En 1914 éclata la guerre, appelée « mondiale » à juste titre, qui marqua l'émergence du capitalisme en tant que système mondial prédominant et incontesté et qui aboutit à la chute des trois empires réactionnaires que Marx avait considérés comme des menaces pour le progrès démocratique et social de son époque.

Grâce à ces changements de circonstances, les socialistes n'avaient plus à aider le capitalisme à préparer la voie au socialisme. Le capitalisme l'avait déjà fait et était donc devenu un système réactionnaire; par conséquent. les socialistes devaient exclusivement consacrer leurs efforts à encourager le développement de la conscience socialiste et l'organisation de la classe travailleuse. C'est pourquoi nous avons toujours refusé de nous laisser détourner de notre objectif pour nous mettre à préconiser ou à appuyer des réformes sociales et démocratiques et des mouvements visant à établir de nouveaux Etats, ou pour nous mettre à soutenir l'un des camps en temps de guerre.

Marx était également concerné par un autre problème qui fut résolu par la suite grâce aux progrès technologiques survenus dans le capitalisme: le passage au socialisme. Marx vivait à une époque où le capitalisme n'avait pas encore complètement posé les fondations qui auraient permis l'établissement immédiat du socialisme. Lorsqu'on soulevait cette objection, il répondait que si la classe travailleuse avait pris le pouvoir à ce moment-là (ce qui était, nous pouvons le voir maintenant, tout à fait improbable vu l'immaturité politique de la classe travailleuse et vu le fait que beaucoup étaient encore employés dans la petite industrie), il aurait fallu avoir une période de transition relativement longue qui aurait permis tout d'abord de centraliser l'administration des moyens de production qui n'étaient pas encore complètement industrialisés. Cela fait, il aurait fallu travailler au développement rapide des moyens de production pour pouvoir bientôt satisfaire tous les besoins humains. Mais pendant ce temps, toujours d'après Marx, il aurait fallu limiter la consommation, même au sein d'une société fondée sur la possession commune et la gestion démocratique des moyens de production; le libre accès selon les besoins individuels n'aurait pu être mis en application avant que les moyens de production ne se soient développés davantage. Marx ne fit aucune allusion au temps que cela prendrait mais en évaluant le progrès technologique qui suivit, on peut penser que cela aurait représenté une trentaine d'années.

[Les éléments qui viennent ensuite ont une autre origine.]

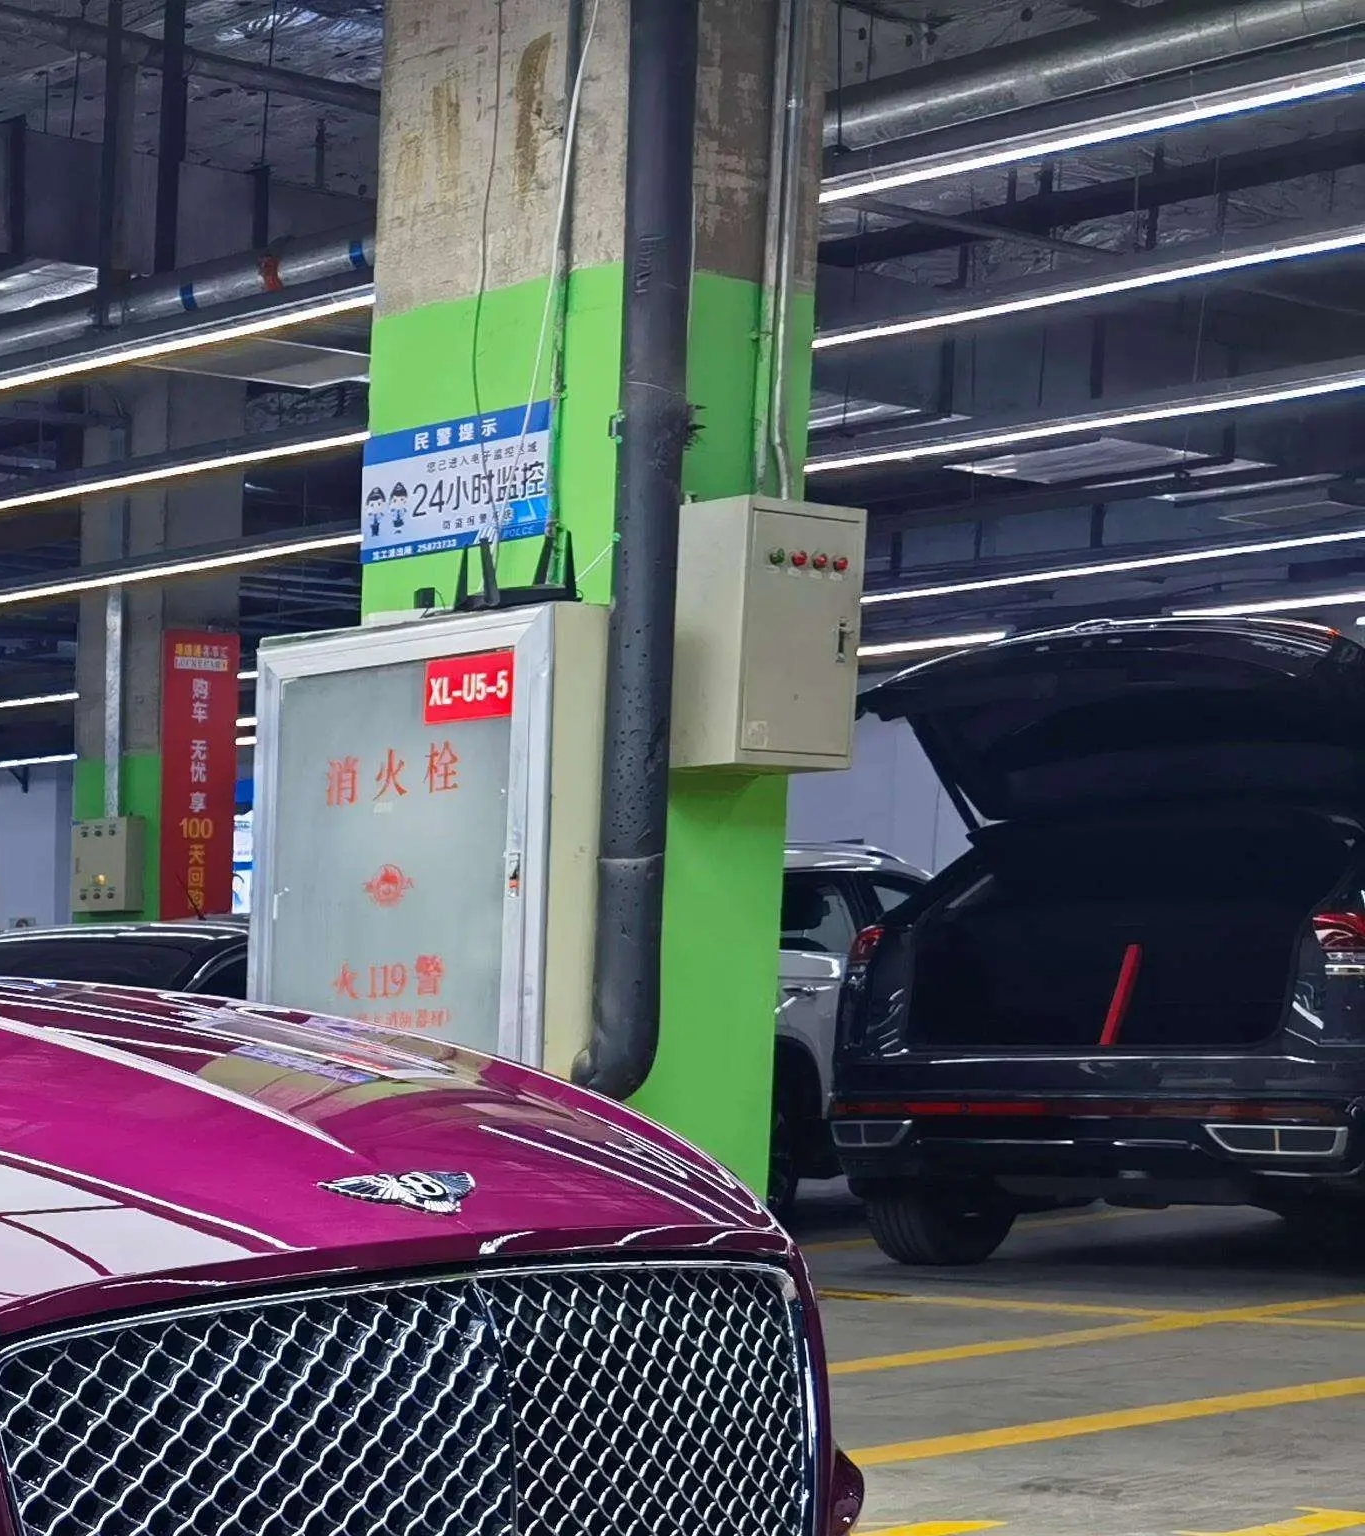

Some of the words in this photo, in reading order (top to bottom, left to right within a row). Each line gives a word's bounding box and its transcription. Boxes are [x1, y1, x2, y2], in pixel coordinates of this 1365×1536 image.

Nous répétons que ce point de vue s'explique à l'époque, mais plus de nos jours. Aujourd'hui, les «périodes de transition », les « dictatures révolutionnaires », les « bons de travail » n'ont plus de raison d'être et représentent des concepts du XIXe siècle. L'accès libre pour tous aux biens et aux services selon les besoins individuels pourrait être introduit pleinement presque tout de suite après l'établissement du socialisme - et on pourra établir le socialisme dès que la classe travailleuse le voudra et mènera l'action politique nécessaire.